## REQUIREMENT
Begin with the line containing "this 1820×1365 image." and copy each line exactly through the last line of the entries, inclusive.

━━ DATA EXTRACTS ━━

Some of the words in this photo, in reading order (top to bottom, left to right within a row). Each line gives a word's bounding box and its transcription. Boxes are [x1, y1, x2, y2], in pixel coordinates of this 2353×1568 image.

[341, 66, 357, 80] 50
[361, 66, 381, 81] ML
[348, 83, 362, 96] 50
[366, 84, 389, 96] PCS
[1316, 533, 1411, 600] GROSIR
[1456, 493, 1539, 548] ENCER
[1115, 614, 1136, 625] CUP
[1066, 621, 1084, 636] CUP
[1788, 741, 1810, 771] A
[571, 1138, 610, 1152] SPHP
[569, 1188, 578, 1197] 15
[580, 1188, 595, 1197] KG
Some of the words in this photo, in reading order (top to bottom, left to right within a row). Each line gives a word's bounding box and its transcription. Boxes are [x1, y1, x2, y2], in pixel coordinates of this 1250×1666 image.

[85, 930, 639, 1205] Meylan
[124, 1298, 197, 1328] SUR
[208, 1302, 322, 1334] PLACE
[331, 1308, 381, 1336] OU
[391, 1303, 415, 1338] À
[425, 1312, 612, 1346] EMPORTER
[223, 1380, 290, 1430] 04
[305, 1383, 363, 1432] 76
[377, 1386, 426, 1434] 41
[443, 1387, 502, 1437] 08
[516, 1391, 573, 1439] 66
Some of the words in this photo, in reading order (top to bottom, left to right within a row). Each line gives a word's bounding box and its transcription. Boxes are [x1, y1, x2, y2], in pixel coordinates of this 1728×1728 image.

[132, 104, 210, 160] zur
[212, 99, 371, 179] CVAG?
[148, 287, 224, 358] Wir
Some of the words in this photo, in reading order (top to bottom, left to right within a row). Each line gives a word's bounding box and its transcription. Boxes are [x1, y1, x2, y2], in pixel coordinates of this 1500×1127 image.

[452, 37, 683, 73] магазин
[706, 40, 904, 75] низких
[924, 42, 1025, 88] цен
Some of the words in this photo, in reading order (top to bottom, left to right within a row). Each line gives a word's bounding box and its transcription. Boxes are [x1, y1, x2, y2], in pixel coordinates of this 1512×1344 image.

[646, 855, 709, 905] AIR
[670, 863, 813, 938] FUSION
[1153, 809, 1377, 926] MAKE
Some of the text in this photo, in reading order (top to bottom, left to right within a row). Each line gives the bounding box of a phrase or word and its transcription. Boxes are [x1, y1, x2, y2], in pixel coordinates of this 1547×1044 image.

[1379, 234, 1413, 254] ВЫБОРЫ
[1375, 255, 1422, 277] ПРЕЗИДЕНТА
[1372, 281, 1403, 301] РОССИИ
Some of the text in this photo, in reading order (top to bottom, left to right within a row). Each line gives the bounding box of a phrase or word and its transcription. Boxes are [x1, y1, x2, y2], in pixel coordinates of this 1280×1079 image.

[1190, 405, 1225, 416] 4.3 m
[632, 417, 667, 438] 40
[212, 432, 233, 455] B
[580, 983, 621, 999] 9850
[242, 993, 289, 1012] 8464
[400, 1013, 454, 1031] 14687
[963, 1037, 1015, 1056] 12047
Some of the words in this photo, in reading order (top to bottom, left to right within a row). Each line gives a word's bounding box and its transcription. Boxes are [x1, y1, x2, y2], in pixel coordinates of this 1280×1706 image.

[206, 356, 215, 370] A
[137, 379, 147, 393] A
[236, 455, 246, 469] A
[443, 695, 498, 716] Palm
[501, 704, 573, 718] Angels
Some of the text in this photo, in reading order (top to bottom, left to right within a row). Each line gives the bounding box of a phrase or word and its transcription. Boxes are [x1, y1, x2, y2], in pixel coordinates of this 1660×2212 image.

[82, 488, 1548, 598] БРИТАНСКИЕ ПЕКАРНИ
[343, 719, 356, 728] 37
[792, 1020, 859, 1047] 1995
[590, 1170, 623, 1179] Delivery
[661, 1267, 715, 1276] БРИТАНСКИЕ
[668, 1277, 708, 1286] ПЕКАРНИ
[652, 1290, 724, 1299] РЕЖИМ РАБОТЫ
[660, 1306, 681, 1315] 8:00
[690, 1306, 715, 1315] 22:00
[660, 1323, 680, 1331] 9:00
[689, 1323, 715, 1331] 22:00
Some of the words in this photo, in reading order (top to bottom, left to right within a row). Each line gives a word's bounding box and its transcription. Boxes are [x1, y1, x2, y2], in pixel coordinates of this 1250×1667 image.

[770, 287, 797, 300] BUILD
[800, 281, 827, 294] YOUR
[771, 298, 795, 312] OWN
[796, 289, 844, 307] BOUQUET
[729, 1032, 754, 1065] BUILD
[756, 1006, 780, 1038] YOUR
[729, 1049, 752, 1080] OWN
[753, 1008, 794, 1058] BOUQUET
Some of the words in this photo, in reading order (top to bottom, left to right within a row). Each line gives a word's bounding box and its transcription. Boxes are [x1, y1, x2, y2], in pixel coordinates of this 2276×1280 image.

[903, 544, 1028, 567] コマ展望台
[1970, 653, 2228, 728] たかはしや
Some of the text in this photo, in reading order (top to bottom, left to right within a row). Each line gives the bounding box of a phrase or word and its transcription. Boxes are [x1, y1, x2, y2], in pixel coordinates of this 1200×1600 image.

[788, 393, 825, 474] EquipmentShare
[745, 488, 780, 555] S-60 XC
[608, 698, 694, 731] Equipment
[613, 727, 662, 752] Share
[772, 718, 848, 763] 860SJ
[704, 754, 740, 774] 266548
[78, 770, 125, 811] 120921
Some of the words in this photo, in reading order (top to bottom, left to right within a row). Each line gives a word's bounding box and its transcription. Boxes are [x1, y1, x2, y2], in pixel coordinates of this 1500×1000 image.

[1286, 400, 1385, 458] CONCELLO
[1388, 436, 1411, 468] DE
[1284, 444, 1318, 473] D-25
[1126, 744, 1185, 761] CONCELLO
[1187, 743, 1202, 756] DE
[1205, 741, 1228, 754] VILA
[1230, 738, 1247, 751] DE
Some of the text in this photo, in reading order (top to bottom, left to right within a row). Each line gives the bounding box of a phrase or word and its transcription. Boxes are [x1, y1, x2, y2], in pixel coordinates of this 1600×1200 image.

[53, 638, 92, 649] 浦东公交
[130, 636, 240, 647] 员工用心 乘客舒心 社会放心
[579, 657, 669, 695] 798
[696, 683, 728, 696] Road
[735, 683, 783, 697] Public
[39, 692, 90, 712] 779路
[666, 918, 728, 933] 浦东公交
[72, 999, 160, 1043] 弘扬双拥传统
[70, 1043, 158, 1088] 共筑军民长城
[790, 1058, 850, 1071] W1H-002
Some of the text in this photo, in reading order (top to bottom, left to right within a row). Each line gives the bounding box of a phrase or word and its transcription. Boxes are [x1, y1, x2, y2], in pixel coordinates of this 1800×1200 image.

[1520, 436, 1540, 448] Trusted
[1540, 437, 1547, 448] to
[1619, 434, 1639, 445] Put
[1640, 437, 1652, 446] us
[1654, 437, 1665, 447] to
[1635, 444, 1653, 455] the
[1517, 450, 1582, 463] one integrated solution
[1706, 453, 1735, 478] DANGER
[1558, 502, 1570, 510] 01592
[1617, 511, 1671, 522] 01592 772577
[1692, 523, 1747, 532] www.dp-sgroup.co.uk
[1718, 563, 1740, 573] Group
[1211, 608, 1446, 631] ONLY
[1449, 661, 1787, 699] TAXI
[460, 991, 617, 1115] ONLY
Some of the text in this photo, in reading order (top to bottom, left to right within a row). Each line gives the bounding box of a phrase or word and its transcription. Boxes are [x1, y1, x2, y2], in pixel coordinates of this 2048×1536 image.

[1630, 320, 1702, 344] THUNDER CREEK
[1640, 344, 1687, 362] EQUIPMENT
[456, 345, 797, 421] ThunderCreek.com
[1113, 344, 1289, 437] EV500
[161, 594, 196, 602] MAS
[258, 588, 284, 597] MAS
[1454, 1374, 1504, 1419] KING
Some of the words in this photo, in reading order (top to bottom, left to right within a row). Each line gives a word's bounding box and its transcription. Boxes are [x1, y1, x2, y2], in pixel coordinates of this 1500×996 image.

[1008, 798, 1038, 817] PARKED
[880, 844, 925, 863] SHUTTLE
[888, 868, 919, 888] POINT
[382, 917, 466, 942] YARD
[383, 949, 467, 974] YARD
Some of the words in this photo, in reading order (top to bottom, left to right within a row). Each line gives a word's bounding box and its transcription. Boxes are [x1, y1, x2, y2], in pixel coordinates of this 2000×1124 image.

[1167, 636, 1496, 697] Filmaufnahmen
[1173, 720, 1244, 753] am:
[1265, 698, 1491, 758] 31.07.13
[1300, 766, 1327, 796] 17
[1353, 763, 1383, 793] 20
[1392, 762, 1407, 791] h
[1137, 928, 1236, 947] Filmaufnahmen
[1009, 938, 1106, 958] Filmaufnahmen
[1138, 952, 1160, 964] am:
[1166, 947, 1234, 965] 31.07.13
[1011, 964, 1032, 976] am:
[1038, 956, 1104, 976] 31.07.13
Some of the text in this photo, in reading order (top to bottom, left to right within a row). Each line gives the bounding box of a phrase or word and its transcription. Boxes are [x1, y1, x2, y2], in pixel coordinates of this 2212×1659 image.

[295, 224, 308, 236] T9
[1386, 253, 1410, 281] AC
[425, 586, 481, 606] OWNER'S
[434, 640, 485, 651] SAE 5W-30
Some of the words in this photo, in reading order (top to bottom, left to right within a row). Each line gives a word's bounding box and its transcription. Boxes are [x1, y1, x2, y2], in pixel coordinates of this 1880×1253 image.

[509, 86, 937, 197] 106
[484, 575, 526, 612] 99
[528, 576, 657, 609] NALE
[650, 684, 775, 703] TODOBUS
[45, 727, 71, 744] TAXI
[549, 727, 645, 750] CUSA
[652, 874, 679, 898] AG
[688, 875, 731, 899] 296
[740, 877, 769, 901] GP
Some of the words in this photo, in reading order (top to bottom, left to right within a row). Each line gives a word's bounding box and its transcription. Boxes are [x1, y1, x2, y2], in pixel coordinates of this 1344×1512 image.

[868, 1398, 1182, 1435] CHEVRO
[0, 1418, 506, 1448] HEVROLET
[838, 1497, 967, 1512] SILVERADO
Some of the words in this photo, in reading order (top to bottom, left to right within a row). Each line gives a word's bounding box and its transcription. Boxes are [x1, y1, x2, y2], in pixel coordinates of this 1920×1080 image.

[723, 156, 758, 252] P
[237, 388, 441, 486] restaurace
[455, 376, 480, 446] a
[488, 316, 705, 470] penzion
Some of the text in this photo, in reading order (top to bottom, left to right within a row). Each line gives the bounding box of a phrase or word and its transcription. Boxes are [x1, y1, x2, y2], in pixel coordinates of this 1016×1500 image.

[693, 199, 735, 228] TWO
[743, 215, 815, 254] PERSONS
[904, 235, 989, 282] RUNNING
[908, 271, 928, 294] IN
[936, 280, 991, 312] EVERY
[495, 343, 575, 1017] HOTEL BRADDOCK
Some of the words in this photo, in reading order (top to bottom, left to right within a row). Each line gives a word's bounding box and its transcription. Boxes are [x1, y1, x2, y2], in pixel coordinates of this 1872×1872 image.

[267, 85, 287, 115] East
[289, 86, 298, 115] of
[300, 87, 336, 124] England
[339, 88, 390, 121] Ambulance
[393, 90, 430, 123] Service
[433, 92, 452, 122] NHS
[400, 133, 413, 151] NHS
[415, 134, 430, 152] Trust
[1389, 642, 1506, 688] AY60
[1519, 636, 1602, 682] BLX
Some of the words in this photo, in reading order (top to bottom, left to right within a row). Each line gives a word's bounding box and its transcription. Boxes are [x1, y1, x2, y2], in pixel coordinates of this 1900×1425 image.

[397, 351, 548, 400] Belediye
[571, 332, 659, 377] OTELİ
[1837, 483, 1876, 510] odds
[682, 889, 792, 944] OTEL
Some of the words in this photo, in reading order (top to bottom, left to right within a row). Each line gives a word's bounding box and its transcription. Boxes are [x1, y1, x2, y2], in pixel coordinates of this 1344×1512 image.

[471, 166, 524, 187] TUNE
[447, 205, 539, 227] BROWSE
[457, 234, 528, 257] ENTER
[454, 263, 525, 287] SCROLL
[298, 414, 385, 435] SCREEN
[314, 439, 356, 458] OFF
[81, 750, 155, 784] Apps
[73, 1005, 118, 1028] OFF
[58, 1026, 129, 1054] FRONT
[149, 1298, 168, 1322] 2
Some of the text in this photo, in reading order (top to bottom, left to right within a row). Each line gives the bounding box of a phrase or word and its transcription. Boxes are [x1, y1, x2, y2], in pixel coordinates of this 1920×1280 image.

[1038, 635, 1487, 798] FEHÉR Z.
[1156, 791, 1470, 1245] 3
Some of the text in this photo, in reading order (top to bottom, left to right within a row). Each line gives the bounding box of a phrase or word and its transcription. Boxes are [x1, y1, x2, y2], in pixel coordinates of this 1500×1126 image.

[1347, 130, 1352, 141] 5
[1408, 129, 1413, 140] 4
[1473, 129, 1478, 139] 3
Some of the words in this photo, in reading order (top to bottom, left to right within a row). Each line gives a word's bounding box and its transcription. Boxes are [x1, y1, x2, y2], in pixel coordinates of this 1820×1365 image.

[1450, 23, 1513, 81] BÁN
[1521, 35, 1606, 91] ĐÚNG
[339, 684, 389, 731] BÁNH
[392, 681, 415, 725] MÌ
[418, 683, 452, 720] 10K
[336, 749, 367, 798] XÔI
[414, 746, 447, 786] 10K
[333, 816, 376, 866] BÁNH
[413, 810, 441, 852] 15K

━━━

## COMPLETED TASK
Some of the words in this photo, in reading order (top to bottom, left to right within a row). Each line gives a word's bounding box and its transcription. Boxes are [x1, y1, x2, y2], in pixel coordinates of this 1820×1365 image.

[1450, 23, 1513, 81] BÁN
[1521, 35, 1606, 91] ĐÚNG
[339, 684, 389, 731] BÁNH
[392, 681, 415, 725] MÌ
[418, 683, 452, 720] 10K
[336, 749, 367, 798] XÔI
[414, 746, 447, 786] 10K
[333, 816, 376, 866] BÁNH
[413, 810, 441, 852] 15K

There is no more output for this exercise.